Clinically, it is difficult to choose which parameter to use to determine whether disease progression has occurred, a consensus on the accepted parameters is emerging but there is still significant divergence between authors [1,2,3,4,5,6,7,8,9,10,11,12,13,14,15,16,17,18, 20,21,22,23,24,25,26]. This article provides an overview of the reliability of these parameters, removing the clinical interpretation component. We have summarized the differences in measurement noise between healthy and keratoconus patients across all topographic parameters from the Pentacam HR device using the tolerance index. Comparing “r” and “R” reported by McAlinden et al. in healthy eyes to our data in keratoconic eyes, 36%/44% (n = 13/36; 16/36) of parameters were significantly worse (Tr/TR > 0.45), and 28%/36% (n = 11/36; 13/36) were significantly better (Tr/TR < −0.45) (e.g., axis is more repeatable in KCN patients) [1, 2].

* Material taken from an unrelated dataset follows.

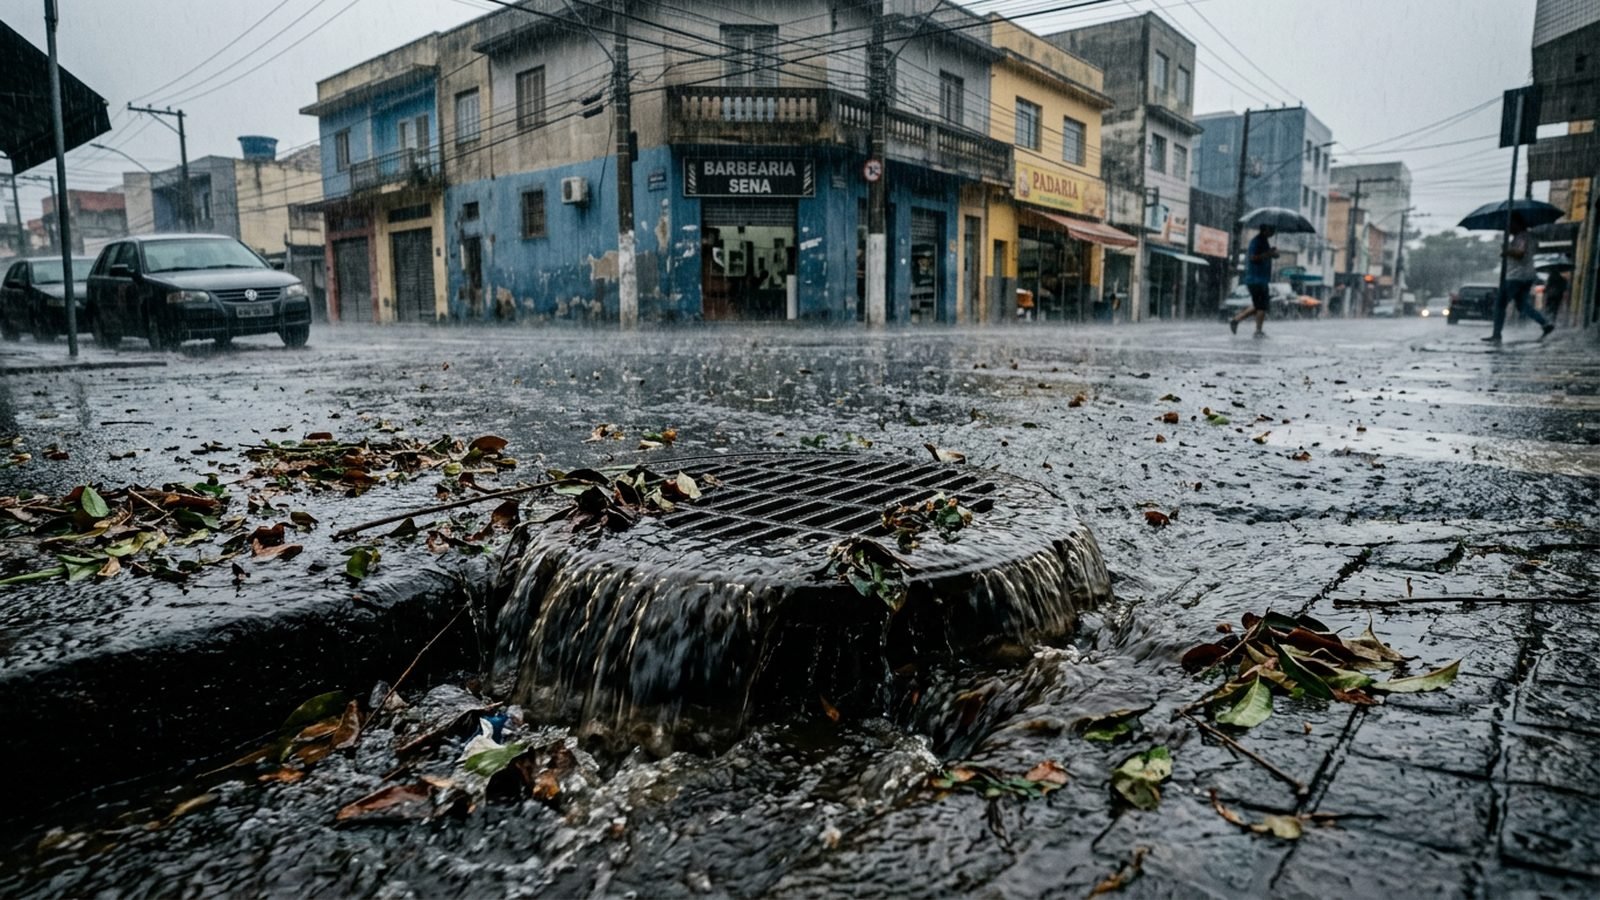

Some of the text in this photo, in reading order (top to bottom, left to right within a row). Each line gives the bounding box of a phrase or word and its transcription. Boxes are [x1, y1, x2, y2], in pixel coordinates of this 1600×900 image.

Furthermore, our study data demonstrates that averaging across several images significantly improves the tolerance values, or results in lower level of measurement noise; some parameters recovering to those levels observed in healthy eyes . For example, using the average of three images instead of a single image reduced reproducibility limits of Kmax to be in line with normal values (Table 1). These results indicate that if the average of three topographies instead of a single topography was automatically calculated, the ability to detect keratoconus progression could be significantly improved.
Using this information, the RU index isolated the group of parameters theoretically best positioned to detect progression. Summarizing the RU values: 37% (n = 15/41) of parameters had an RU greater than 0.95, indicating good ability to detect progression, 29% (n = 12/41) of parameters had an RU <0.80 indicating poor ability to detect progression. It may seem counterintuitive, but it is possible that a parameter has poor TI but still a good RU. This is because some parameters have large differences between mild and moderate KCN or in other words has a large dynamic range, and it is the balance between the limits of repeatability and the size dynamic range that determines the RU.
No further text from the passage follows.